(Stored dataset items)
____
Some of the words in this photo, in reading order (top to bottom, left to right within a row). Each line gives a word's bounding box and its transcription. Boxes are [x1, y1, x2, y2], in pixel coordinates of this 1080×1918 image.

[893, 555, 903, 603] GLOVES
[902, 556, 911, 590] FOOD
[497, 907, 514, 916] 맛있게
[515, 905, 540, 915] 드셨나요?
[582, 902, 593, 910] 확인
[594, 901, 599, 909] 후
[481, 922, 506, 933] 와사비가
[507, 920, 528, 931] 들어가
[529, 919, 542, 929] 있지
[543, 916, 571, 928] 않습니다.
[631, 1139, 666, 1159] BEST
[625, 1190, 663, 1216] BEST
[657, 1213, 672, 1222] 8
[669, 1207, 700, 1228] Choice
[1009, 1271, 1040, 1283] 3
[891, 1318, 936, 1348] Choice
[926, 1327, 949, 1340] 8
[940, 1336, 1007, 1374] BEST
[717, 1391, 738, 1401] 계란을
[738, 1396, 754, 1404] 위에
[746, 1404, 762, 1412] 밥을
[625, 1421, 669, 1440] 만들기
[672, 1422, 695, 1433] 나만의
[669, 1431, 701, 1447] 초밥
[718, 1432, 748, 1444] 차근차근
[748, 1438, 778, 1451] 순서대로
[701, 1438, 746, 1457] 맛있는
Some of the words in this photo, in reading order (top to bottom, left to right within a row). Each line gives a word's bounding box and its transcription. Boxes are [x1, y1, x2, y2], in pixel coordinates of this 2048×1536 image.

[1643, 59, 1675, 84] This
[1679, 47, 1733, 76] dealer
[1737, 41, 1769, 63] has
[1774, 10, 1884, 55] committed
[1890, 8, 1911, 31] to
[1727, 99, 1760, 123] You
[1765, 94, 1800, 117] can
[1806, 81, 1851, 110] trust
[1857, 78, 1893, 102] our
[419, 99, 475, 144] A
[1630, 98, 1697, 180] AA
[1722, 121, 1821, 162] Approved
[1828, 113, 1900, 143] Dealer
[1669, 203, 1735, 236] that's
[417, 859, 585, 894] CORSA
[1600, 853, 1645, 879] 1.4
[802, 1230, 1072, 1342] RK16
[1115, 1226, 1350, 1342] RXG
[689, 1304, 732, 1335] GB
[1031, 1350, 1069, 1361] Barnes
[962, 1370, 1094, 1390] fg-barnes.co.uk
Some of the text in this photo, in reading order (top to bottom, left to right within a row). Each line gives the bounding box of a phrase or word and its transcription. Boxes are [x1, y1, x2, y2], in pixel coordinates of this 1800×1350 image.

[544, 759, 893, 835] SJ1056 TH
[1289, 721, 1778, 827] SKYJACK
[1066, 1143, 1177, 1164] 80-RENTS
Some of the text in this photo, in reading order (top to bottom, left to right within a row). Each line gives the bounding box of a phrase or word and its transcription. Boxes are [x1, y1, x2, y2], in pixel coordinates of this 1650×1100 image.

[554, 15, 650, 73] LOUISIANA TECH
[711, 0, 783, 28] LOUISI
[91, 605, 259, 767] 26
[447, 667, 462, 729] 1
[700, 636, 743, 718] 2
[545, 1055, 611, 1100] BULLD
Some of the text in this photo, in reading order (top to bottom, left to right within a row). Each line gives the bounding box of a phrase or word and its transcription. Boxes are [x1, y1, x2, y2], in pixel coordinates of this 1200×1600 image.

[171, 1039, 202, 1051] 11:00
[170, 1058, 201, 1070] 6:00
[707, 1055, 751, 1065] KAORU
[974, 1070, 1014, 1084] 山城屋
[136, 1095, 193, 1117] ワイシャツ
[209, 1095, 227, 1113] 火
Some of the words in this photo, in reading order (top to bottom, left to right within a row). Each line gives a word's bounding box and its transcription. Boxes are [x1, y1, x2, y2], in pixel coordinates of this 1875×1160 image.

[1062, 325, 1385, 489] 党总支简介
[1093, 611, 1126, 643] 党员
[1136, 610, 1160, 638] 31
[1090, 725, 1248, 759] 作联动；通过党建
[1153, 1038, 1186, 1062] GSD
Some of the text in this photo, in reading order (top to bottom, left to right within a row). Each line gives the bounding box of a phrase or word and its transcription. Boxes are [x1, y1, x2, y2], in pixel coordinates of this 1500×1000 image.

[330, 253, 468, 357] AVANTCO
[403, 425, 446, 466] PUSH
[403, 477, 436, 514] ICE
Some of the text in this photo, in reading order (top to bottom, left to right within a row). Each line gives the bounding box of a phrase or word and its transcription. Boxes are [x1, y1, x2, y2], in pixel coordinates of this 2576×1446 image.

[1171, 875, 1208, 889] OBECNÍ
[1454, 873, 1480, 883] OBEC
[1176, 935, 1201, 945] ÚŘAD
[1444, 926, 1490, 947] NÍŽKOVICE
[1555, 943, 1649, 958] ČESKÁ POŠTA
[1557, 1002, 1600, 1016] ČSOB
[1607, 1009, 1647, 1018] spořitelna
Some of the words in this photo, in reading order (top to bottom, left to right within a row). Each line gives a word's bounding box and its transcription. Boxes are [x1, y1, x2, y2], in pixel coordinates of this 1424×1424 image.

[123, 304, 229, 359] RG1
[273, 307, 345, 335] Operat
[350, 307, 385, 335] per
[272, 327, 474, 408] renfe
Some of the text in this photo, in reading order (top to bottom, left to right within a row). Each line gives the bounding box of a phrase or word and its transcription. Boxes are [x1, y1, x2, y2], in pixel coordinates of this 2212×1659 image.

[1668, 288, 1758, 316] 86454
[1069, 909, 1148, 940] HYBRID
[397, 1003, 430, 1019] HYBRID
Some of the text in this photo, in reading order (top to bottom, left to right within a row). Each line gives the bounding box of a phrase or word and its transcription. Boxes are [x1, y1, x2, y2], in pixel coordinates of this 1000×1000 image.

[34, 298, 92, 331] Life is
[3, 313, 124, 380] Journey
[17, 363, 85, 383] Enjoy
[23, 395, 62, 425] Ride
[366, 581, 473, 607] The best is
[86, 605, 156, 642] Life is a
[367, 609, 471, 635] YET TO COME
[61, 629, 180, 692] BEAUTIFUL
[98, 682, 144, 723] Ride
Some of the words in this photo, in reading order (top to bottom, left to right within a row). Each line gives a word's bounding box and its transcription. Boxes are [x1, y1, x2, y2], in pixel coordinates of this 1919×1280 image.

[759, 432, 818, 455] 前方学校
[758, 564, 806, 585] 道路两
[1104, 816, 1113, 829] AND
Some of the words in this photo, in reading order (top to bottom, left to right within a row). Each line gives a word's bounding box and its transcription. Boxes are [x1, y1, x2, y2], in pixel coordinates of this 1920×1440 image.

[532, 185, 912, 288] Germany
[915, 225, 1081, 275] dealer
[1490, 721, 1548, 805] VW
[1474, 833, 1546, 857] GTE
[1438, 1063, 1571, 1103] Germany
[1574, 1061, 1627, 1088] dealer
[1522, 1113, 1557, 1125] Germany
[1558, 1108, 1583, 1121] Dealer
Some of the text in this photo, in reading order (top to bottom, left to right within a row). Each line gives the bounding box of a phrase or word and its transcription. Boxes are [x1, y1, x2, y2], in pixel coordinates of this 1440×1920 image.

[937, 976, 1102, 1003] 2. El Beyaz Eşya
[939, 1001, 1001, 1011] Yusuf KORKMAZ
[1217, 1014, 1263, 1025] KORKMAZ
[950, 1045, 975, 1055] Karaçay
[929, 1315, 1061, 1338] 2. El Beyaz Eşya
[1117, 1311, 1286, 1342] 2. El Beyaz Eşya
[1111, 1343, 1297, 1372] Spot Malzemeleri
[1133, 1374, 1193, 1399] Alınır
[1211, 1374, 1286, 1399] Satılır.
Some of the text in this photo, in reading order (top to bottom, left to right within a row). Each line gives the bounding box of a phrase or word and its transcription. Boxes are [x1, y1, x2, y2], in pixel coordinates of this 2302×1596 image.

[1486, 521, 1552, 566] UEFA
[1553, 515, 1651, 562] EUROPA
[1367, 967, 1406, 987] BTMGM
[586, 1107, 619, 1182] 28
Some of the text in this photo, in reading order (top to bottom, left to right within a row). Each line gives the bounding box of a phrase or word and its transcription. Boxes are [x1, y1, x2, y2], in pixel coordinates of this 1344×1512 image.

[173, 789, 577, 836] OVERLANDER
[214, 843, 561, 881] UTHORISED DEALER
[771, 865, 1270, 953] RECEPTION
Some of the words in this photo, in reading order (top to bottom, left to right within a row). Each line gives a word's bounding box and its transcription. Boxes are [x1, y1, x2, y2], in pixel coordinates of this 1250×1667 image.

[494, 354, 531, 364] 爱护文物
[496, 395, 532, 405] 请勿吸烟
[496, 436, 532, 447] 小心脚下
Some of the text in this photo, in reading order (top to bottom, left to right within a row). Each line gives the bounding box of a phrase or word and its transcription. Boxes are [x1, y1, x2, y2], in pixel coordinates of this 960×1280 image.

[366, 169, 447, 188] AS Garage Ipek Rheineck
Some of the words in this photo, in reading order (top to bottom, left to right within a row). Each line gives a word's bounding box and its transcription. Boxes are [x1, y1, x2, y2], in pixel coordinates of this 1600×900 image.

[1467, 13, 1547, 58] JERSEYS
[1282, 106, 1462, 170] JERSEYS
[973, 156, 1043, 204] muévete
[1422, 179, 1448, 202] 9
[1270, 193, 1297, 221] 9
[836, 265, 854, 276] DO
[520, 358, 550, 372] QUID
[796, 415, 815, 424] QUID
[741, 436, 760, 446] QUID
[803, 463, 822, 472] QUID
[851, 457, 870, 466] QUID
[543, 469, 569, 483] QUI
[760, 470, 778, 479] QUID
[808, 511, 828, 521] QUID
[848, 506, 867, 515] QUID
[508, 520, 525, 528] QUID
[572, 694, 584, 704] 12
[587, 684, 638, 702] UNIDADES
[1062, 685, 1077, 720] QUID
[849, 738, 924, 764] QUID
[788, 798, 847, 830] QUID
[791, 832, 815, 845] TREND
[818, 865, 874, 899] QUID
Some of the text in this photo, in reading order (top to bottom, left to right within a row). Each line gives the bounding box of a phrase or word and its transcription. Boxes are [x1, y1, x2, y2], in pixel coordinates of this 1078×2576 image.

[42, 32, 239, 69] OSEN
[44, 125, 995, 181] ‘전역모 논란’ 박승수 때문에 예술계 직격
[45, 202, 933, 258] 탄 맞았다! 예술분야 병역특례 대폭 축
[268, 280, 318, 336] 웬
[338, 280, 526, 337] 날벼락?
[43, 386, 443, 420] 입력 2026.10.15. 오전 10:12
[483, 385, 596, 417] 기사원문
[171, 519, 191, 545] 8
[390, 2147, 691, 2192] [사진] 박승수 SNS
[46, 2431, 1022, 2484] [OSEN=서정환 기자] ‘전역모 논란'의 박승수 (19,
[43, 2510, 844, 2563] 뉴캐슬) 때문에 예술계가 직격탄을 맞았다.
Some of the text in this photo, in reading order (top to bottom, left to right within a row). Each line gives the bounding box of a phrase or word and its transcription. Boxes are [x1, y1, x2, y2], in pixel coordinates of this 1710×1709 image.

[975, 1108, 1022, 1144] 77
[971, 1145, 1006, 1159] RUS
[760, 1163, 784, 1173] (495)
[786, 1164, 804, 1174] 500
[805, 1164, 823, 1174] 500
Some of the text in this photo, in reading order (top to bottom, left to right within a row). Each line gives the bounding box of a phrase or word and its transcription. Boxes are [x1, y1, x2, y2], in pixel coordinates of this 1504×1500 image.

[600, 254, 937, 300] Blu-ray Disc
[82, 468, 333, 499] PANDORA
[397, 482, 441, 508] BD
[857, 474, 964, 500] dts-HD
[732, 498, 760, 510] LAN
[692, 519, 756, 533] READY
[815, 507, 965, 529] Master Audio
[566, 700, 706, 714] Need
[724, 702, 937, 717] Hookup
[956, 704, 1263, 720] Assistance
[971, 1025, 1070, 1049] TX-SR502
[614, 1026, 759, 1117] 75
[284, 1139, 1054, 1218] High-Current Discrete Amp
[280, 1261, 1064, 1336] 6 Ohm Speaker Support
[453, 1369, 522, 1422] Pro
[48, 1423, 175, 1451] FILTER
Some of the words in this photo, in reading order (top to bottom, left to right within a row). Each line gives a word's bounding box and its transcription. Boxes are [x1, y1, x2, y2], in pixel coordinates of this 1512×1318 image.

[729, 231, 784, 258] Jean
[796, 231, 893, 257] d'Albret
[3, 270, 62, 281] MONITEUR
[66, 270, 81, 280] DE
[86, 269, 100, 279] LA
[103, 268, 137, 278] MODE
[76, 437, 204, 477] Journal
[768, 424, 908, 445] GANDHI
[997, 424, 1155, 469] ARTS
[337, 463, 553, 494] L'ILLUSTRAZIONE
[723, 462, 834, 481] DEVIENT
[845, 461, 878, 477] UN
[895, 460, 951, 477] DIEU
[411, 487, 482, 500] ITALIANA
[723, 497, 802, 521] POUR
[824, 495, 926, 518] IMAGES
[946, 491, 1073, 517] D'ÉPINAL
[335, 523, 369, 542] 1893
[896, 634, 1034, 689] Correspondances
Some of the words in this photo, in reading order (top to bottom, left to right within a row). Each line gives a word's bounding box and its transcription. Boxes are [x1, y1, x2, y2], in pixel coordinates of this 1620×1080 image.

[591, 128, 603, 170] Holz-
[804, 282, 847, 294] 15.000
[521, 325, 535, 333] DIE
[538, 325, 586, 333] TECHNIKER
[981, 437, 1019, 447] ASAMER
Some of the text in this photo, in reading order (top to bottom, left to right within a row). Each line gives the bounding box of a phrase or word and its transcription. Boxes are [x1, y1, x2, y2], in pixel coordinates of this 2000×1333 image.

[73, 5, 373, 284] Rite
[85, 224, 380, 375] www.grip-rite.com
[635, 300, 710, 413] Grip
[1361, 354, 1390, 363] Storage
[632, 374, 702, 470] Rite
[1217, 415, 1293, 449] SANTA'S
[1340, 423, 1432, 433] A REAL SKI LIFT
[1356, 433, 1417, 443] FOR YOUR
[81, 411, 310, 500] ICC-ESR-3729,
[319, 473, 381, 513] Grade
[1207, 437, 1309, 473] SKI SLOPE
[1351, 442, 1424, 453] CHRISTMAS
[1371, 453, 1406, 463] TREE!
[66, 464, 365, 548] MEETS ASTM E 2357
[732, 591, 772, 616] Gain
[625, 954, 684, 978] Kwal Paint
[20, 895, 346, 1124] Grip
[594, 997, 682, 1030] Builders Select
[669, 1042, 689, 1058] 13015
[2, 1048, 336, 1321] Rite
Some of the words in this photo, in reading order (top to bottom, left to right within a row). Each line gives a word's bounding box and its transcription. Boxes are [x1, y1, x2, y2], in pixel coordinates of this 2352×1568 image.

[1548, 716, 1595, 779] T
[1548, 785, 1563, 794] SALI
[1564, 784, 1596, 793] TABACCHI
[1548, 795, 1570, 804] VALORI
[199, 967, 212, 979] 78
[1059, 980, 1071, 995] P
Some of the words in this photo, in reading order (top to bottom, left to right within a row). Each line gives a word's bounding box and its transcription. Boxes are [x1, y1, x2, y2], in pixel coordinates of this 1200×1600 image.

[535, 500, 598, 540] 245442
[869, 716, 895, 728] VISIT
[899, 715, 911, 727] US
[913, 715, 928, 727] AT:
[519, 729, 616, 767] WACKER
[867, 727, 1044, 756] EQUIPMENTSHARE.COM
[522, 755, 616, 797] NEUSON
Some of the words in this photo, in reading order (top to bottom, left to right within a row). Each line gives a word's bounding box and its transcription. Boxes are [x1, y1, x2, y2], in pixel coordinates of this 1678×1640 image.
____
**TASK REQUIREMENTS:**
With the line containing "this 2000×1333 image." as the first and the last line of the records as the final one, print exactly the lines in that span.

**YOUR SOLUTION:**
Some of the text in this photo, in reading order (top to bottom, left to right within a row). Each line gives the bounding box of a phrase or word and its transcription. Boxes are [x1, y1, x2, y2], in pixel coordinates of this 2000×1333 image.

[73, 5, 373, 284] Rite
[85, 224, 380, 375] www.grip-rite.com
[635, 300, 710, 413] Grip
[1361, 354, 1390, 363] Storage
[632, 374, 702, 470] Rite
[1217, 415, 1293, 449] SANTA'S
[1340, 423, 1432, 433] A REAL SKI LIFT
[1356, 433, 1417, 443] FOR YOUR
[81, 411, 310, 500] ICC-ESR-3729,
[319, 473, 381, 513] Grade
[1207, 437, 1309, 473] SKI SLOPE
[1351, 442, 1424, 453] CHRISTMAS
[1371, 453, 1406, 463] TREE!
[66, 464, 365, 548] MEETS ASTM E 2357
[732, 591, 772, 616] Gain
[625, 954, 684, 978] Kwal Paint
[20, 895, 346, 1124] Grip
[594, 997, 682, 1030] Builders Select
[669, 1042, 689, 1058] 13015
[2, 1048, 336, 1321] Rite
Some of the words in this photo, in reading order (top to bottom, left to right within a row). Each line gives a word's bounding box and its transcription. Boxes are [x1, y1, x2, y2], in pixel coordinates of this 2352×1568 image.

[1548, 716, 1595, 779] T
[1548, 785, 1563, 794] SALI
[1564, 784, 1596, 793] TABACCHI
[1548, 795, 1570, 804] VALORI
[199, 967, 212, 979] 78
[1059, 980, 1071, 995] P
Some of the words in this photo, in reading order (top to bottom, left to right within a row). Each line gives a word's bounding box and its transcription. Boxes are [x1, y1, x2, y2], in pixel coordinates of this 1200×1600 image.

[535, 500, 598, 540] 245442
[869, 716, 895, 728] VISIT
[899, 715, 911, 727] US
[913, 715, 928, 727] AT:
[519, 729, 616, 767] WACKER
[867, 727, 1044, 756] EQUIPMENTSHARE.COM
[522, 755, 616, 797] NEUSON
Some of the words in this photo, in reading order (top to bottom, left to right within a row). Each line gives a word's bounding box and its transcription. Boxes are [x1, y1, x2, y2], in pixel coordinates of this 1678×1640 image.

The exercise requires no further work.